• **Task details**:
Print every line below exactly. Skip the pictures.

Image-backed grounding data:
== == ==
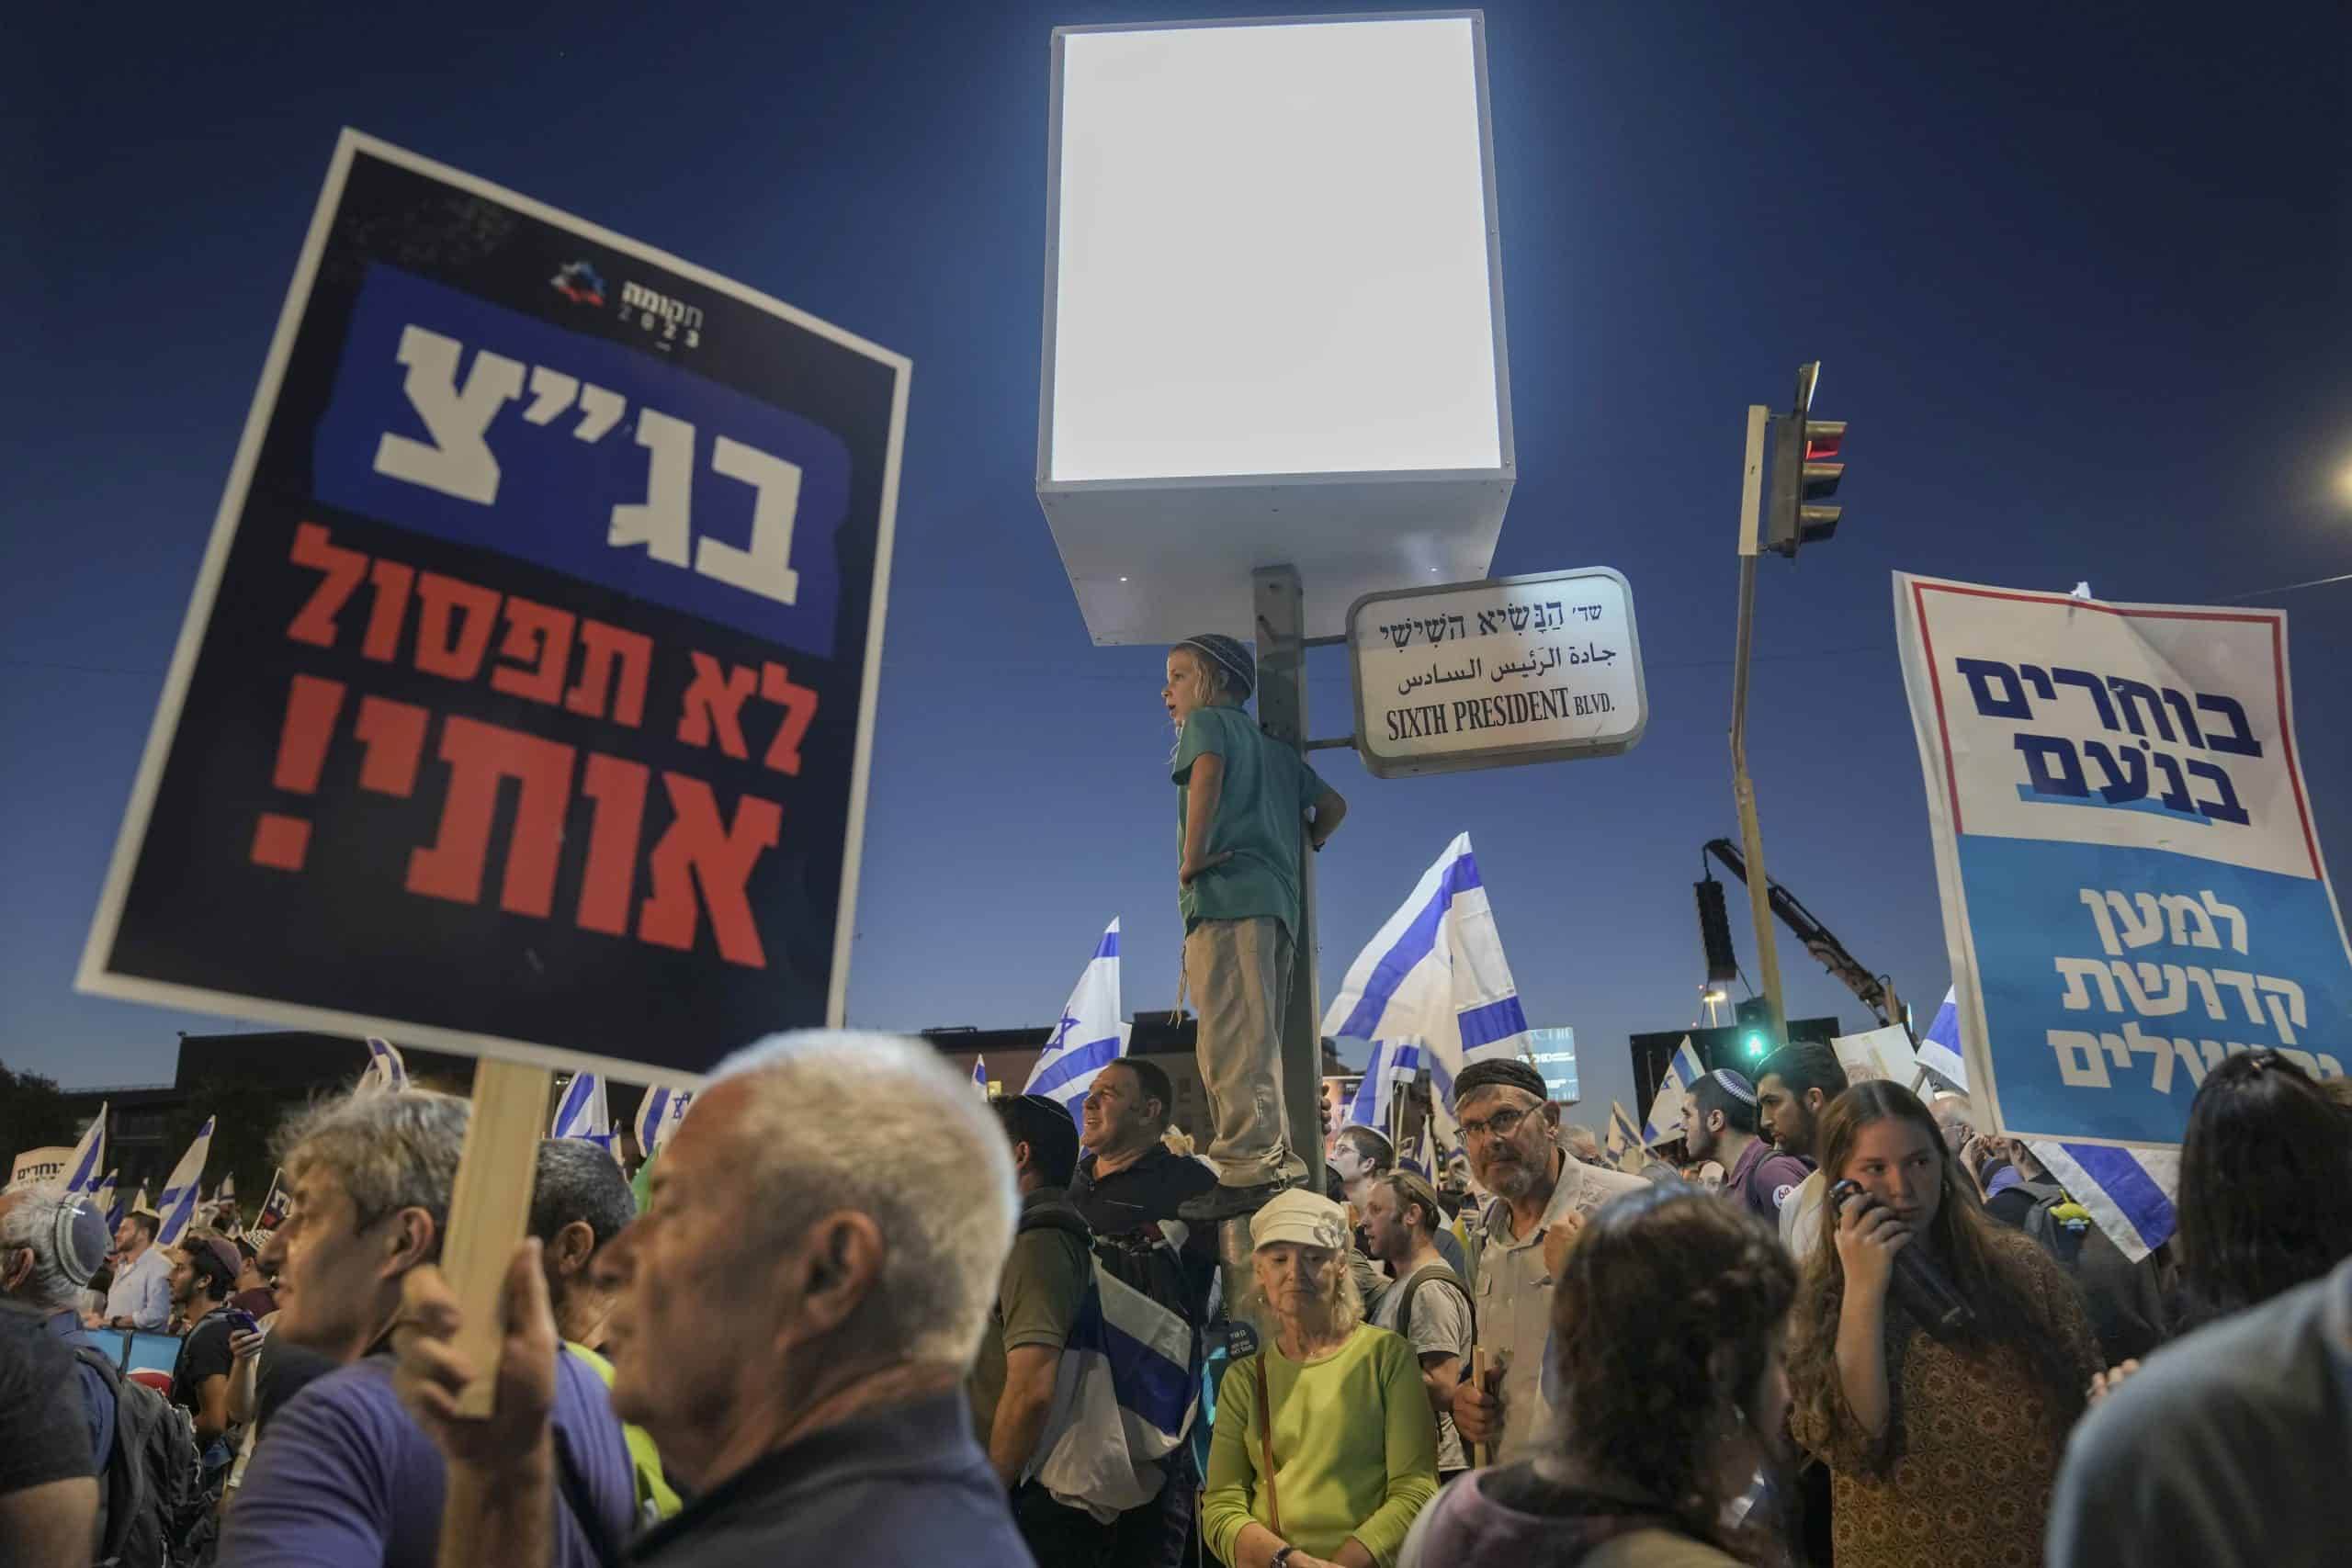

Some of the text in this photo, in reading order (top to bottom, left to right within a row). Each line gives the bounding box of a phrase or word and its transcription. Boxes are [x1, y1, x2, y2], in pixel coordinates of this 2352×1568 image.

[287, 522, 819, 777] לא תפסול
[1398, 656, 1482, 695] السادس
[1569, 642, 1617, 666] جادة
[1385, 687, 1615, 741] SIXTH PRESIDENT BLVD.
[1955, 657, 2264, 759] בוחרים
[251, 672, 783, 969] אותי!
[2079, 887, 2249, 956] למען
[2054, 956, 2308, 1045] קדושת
== == ==
• **Exercise answer**:
Some of the text in this photo, in reading order (top to bottom, left to right within a row). Each line gives the bounding box of a phrase or word and its transcription. Boxes are [x1, y1, x2, y2], in pixel coordinates of this 2352×1568 image.

[287, 522, 819, 777] לא תפסול
[1398, 656, 1482, 695] السادس
[1569, 642, 1617, 666] جادة
[1385, 687, 1615, 741] SIXTH PRESIDENT BLVD.
[1955, 657, 2264, 759] בוחרים
[251, 672, 783, 969] אותי!
[2079, 887, 2249, 956] למען
[2054, 956, 2308, 1045] קדושת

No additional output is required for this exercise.